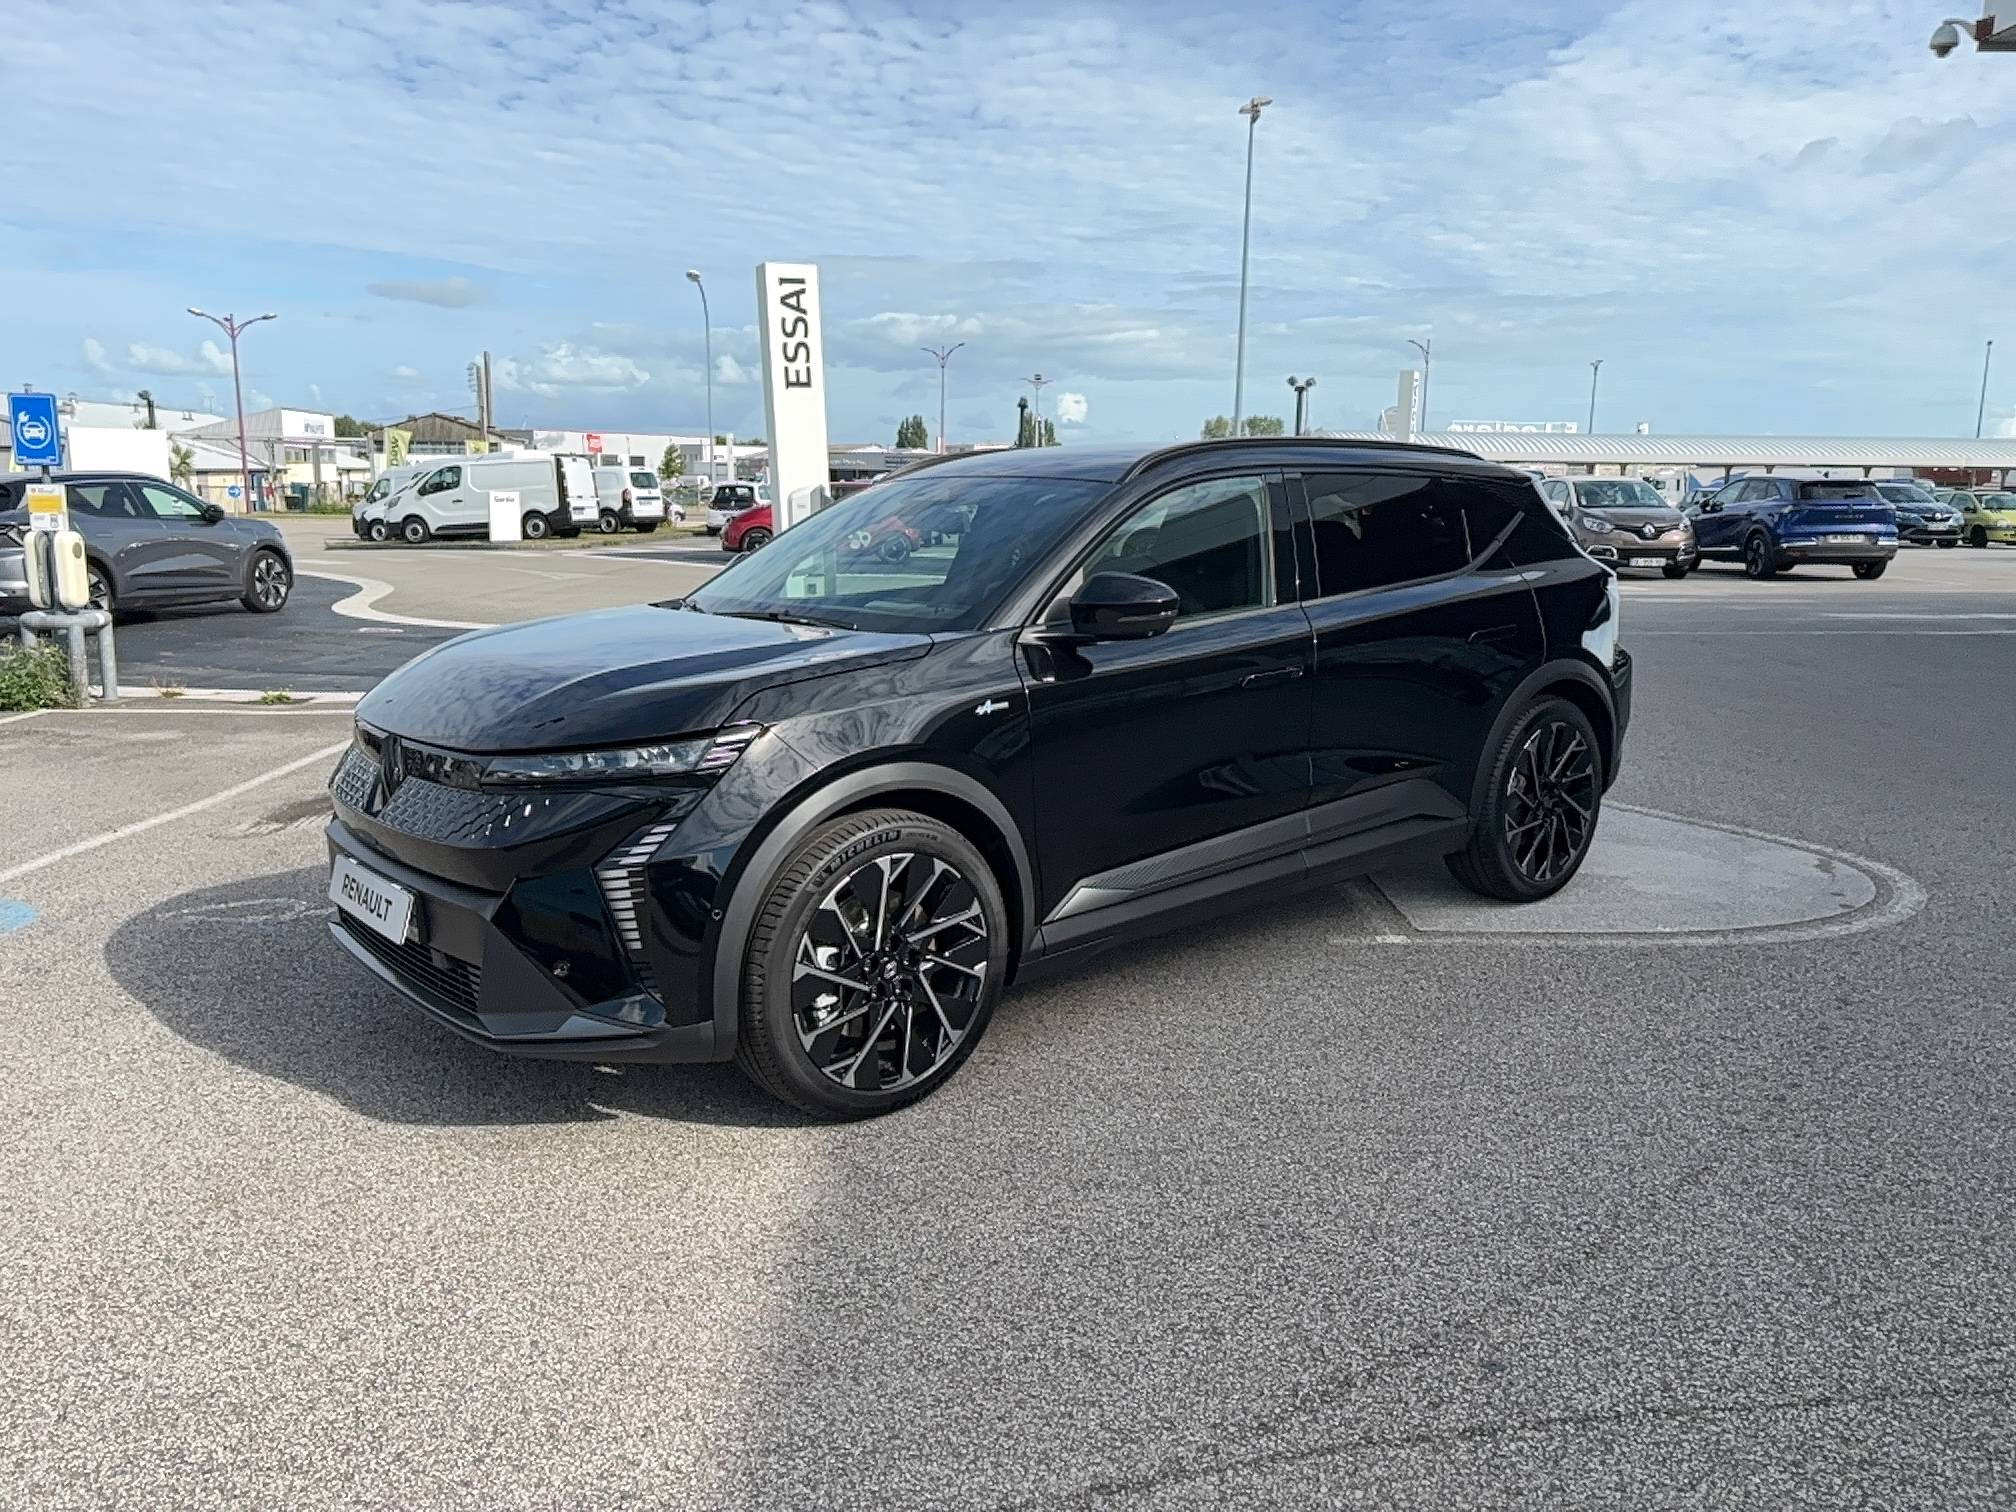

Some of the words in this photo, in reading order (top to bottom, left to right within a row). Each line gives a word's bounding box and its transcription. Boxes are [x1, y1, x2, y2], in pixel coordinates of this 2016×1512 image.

[778, 277, 812, 389] ESSAI
[829, 829, 900, 873] MICHELIN
[341, 872, 393, 922] RENAULT
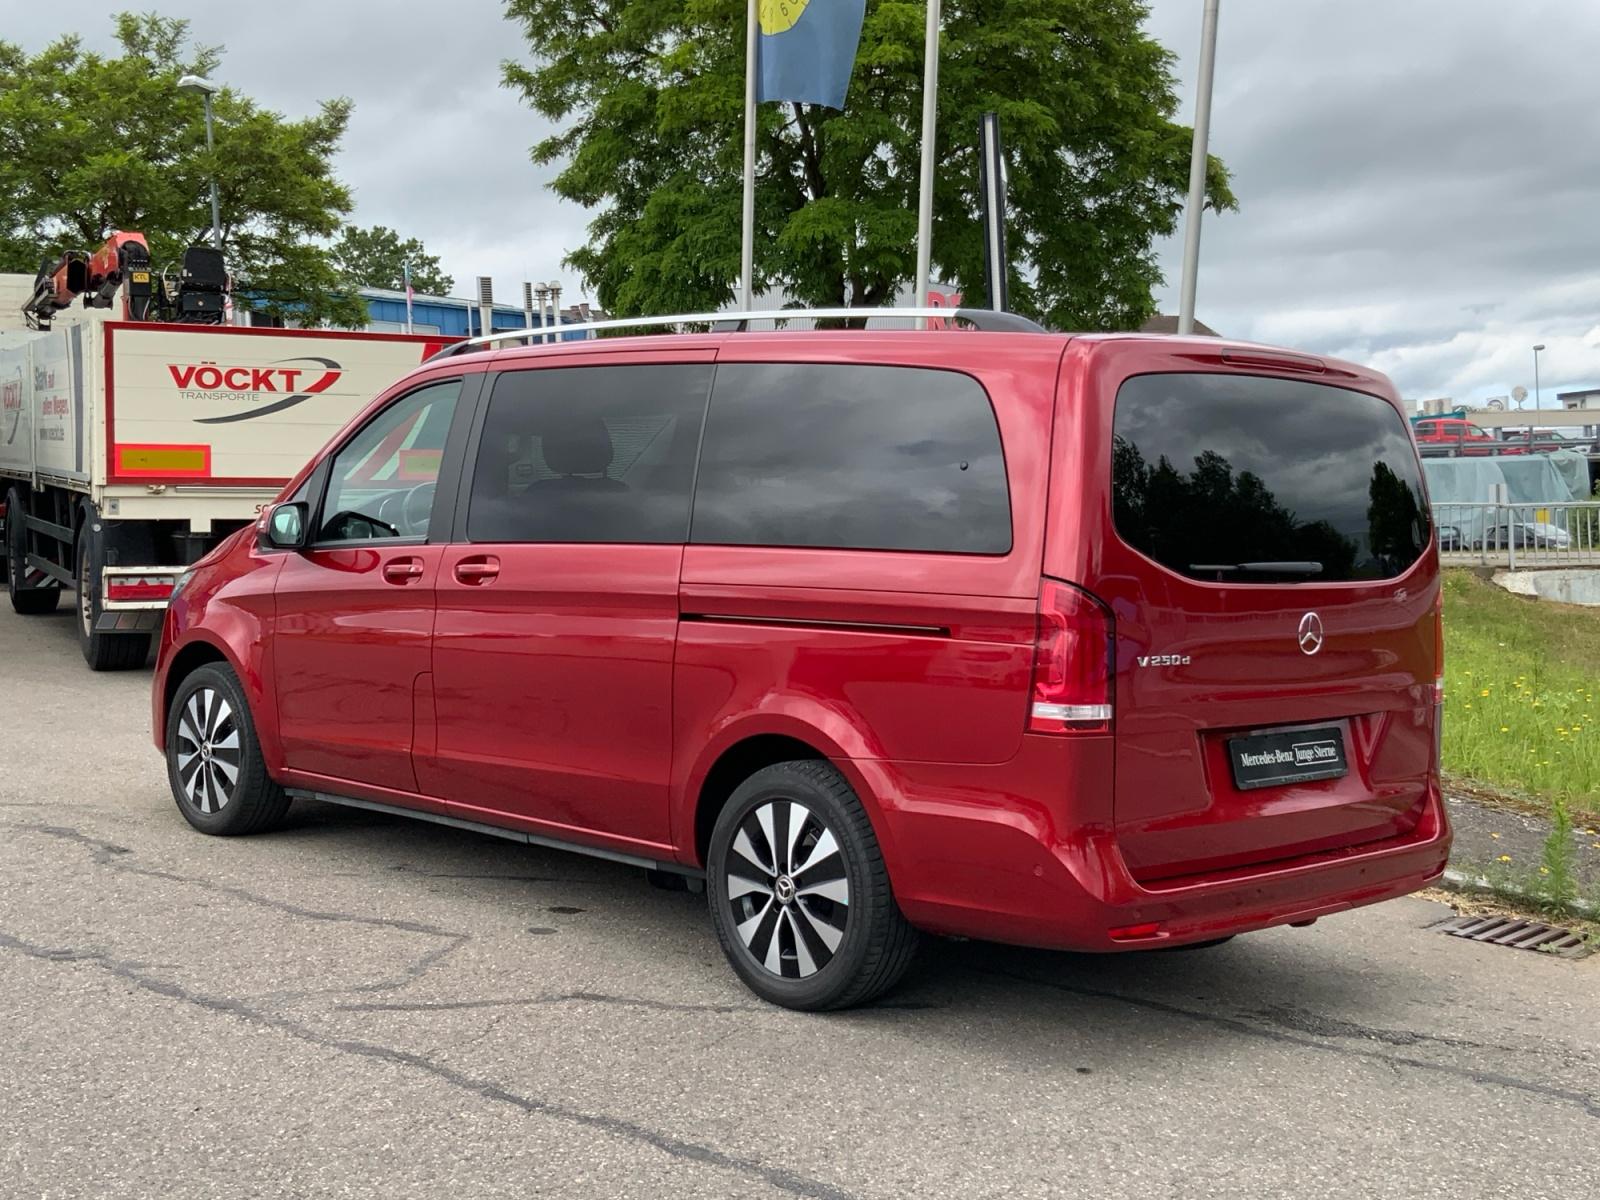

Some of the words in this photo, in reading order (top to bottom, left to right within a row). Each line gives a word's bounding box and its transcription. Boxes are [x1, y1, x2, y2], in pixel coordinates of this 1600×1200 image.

[168, 361, 302, 393] VÖCKT
[179, 391, 260, 402] TRANSPORTE
[1241, 749, 1294, 767] Mercedes-Benz
[1295, 747, 1315, 762] Junge
[1314, 745, 1336, 759] Sterne

________________

Activity: Write out exactly the lines from the one with "this 1600×1200 image." through the end of the records above, both ends included, and leave out all other lines.

Exercise solution:
Some of the words in this photo, in reading order (top to bottom, left to right within a row). Each line gives a word's bounding box and its transcription. Boxes are [x1, y1, x2, y2], in pixel coordinates of this 1600×1200 image.

[168, 361, 302, 393] VÖCKT
[179, 391, 260, 402] TRANSPORTE
[1241, 749, 1294, 767] Mercedes-Benz
[1295, 747, 1315, 762] Junge
[1314, 745, 1336, 759] Sterne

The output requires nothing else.